If you discover a security vulnerability in NETrock, please report it responsibly. Do not open a public issue.

Use GitHub's private vulnerability reporting to submit your report directly through the repository. This keeps the conversation private and structured.

If you can't use GitHub's reporting, email contact@mail.pindej.cz with:

• A description of the vulnerability
• Steps to reproduce
• Affected versions (if known)
• Any suggested fix (optional but appreciated)

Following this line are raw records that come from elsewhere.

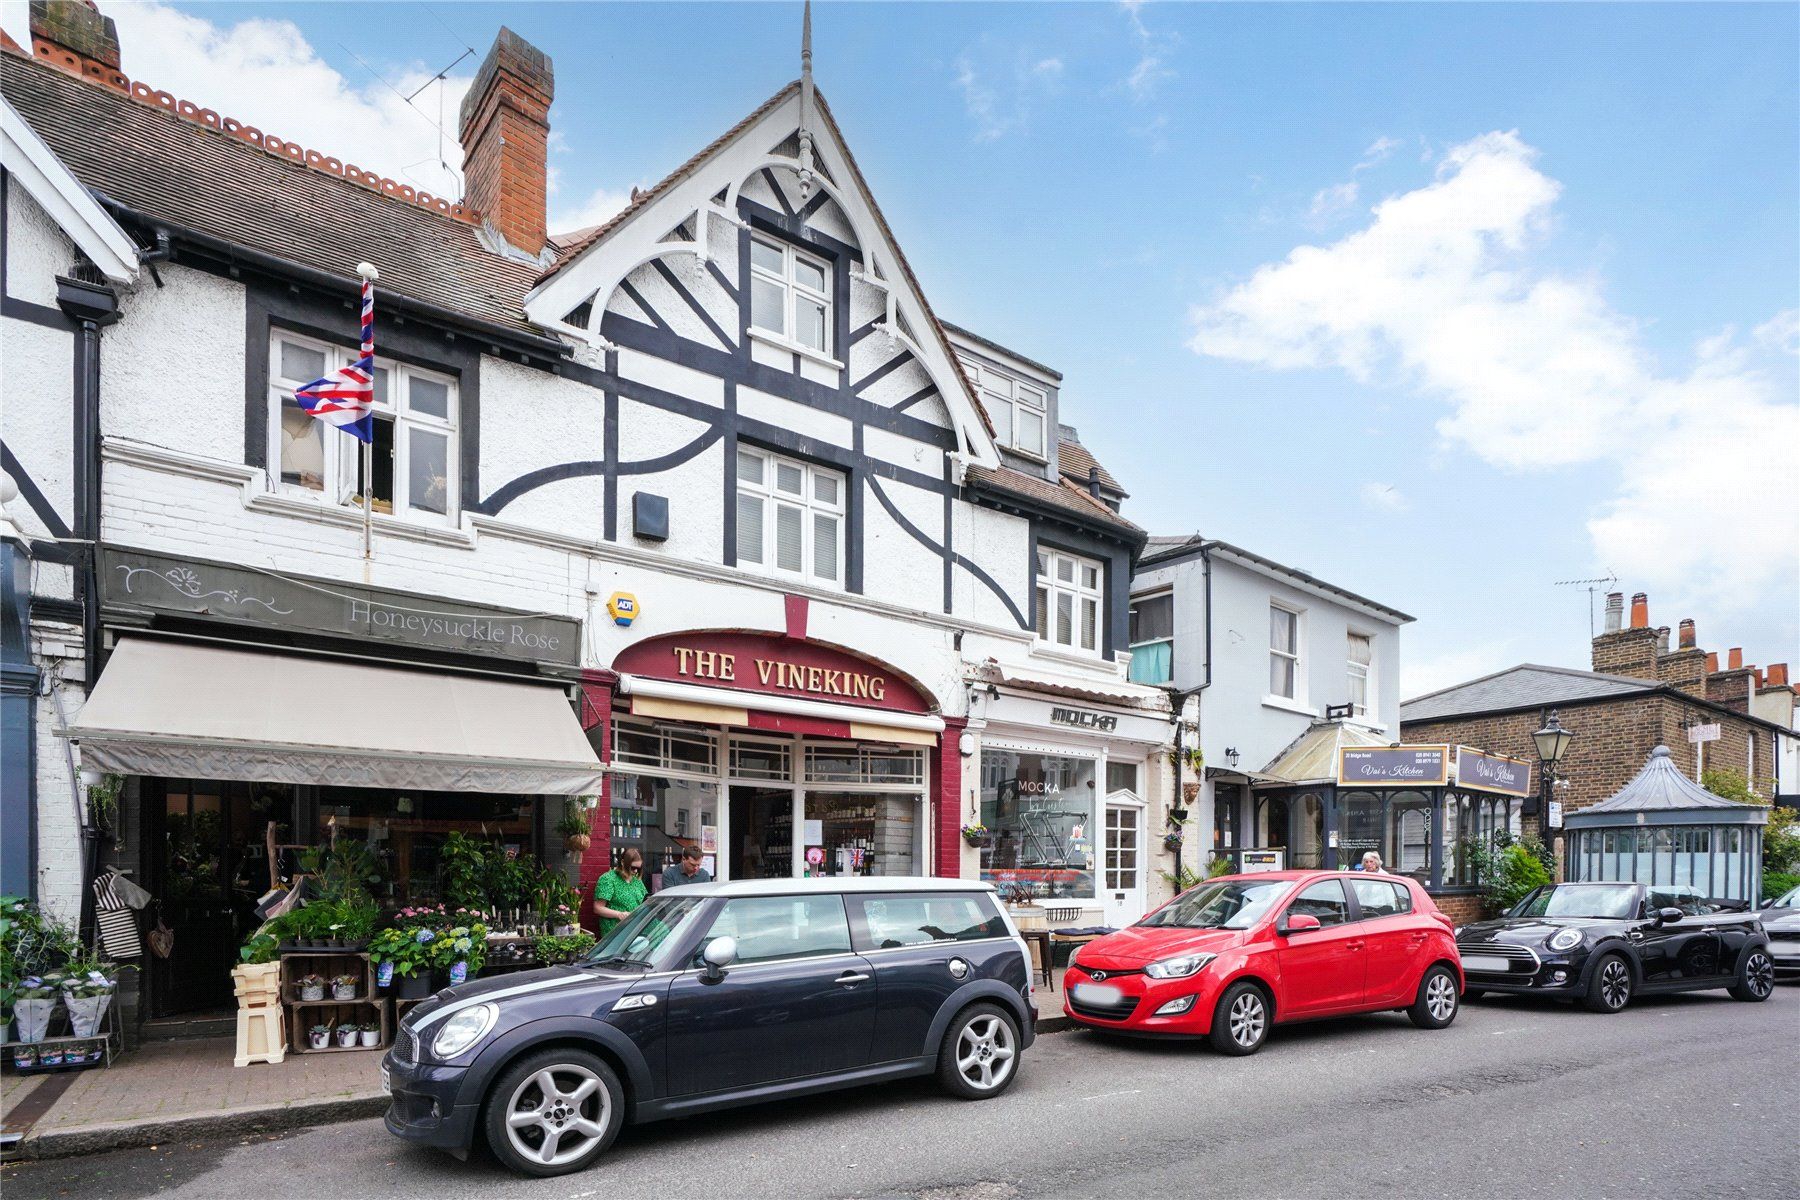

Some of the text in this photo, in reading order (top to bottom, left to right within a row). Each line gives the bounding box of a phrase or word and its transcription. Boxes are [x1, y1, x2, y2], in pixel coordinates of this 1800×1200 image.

[618, 600, 632, 610] ADT
[351, 600, 559, 651] Honeysuckle Rose
[674, 646, 886, 701] THE VINEKING
[1051, 707, 1118, 730] MOCKA
[1389, 764, 1424, 777] Kitchen
[1494, 764, 1515, 782] Kitchen
[1018, 780, 1060, 794] MOCKA

Security vulnerabilities include (but are not limited to):

• Authentication or authorization bypass
• Cross-site scripting (XSS)
• SQL injection or other injection attacks
• Cross-site request forgery (CSRF)
• Sensitive data exposure
• Insecure cryptographic implementation
• Privilege escalation

• General bugs (use GitHub Issues)
• Feature requests (use GitHub Issues)
• Questions about usage (use Discord or Discussions)

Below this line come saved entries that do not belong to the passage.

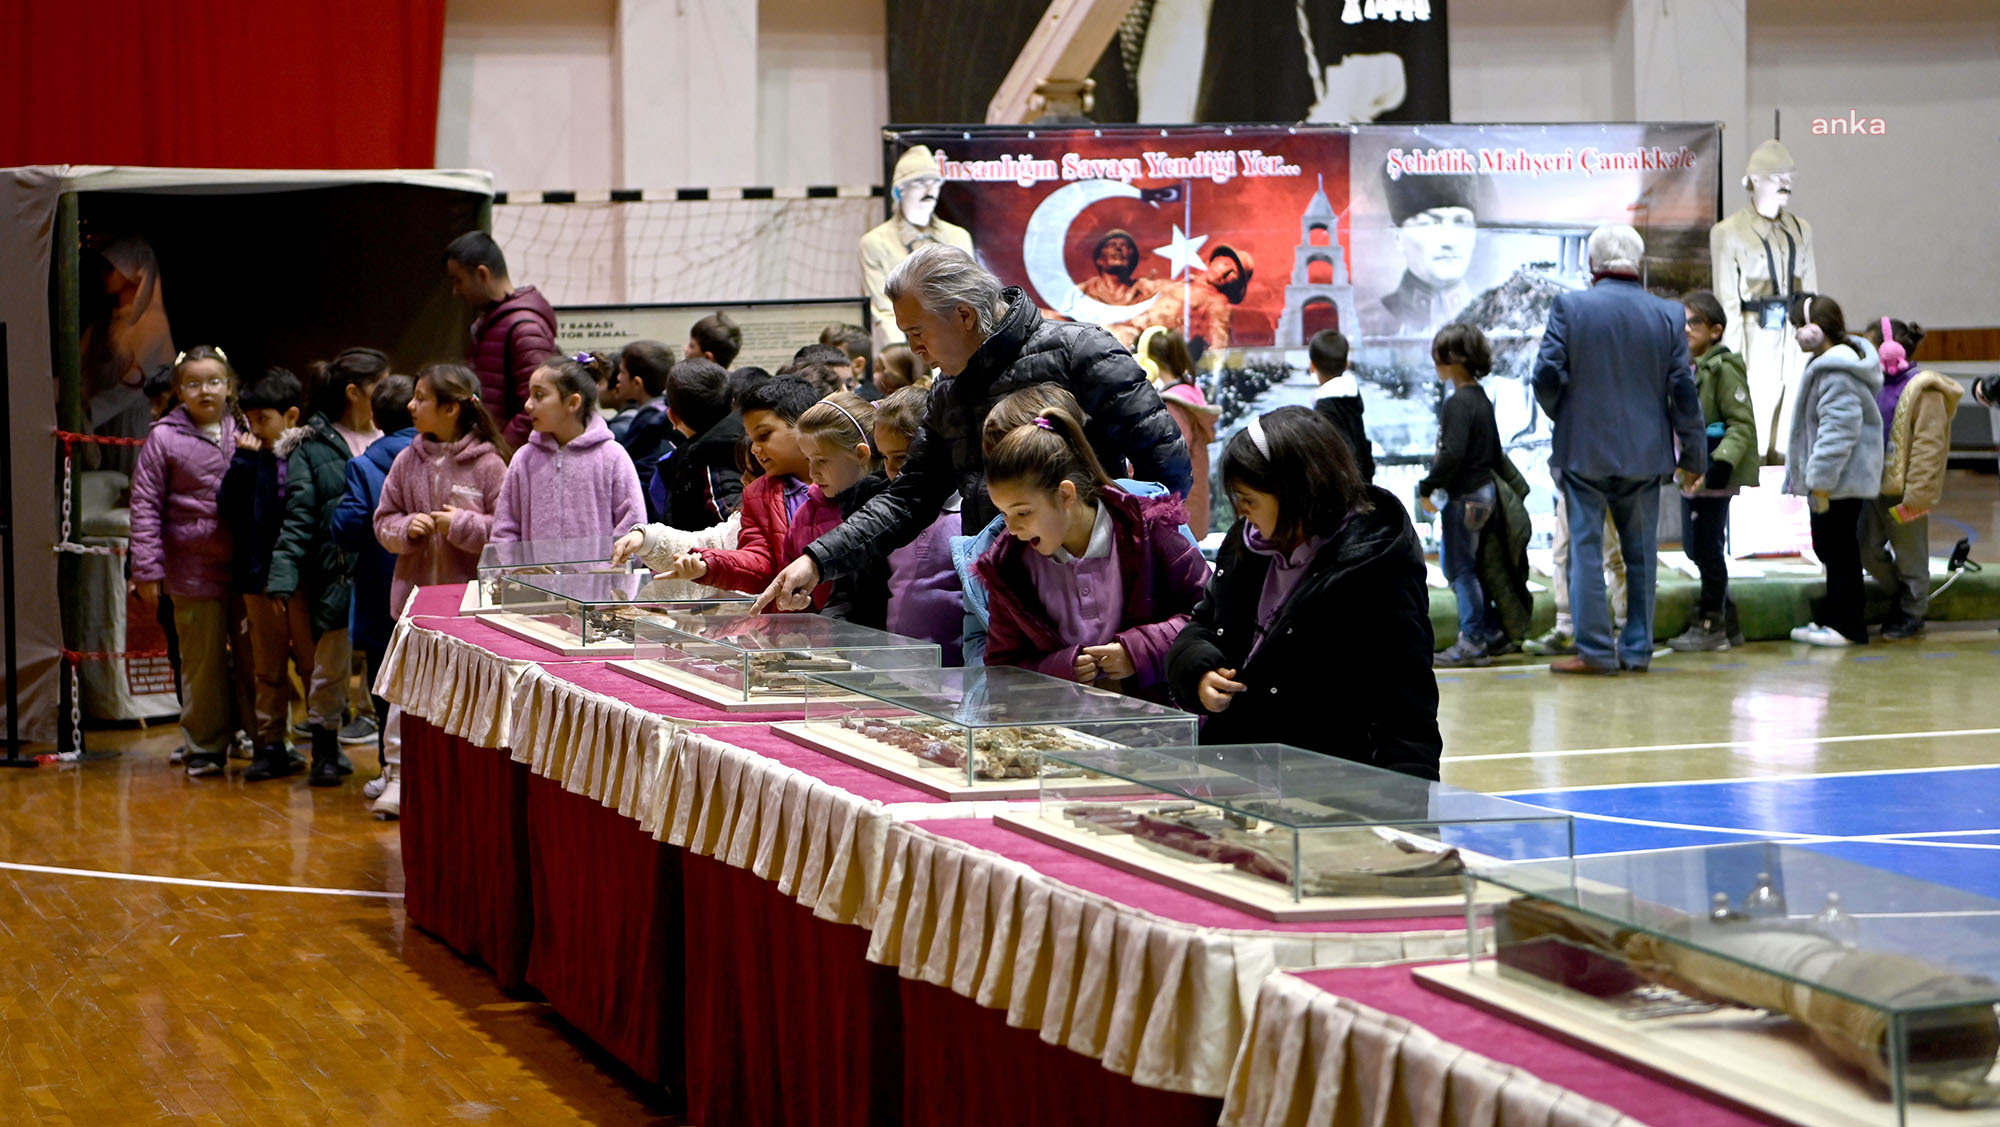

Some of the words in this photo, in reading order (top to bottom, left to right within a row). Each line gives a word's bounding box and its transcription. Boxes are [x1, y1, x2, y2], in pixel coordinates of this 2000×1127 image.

[934, 149, 1059, 187] İnsanlığın
[1061, 152, 1143, 184] Savaşı
[1142, 151, 1238, 183] Yendiği
[1387, 148, 1476, 181] Şehitlik
[1478, 147, 1575, 178] Mahşeri
[1578, 146, 1698, 178] Çanakkale

• Acknowledgment: within 48 hours of report
• Target fix: within 90 days, depending on severity and complexity
• Disclosure: coordinated with the reporter — we won't publish details until a fix is available

Reporters are credited in the release notes by default. If you prefer to remain anonymous, let us know in your report.

This policy covers the NETrock template repository itself. Once you run the init script and customize the project, security of your deployed application is your responsibility — though the template gives you a strong starting point. See docs/security.md for the security architecture overview.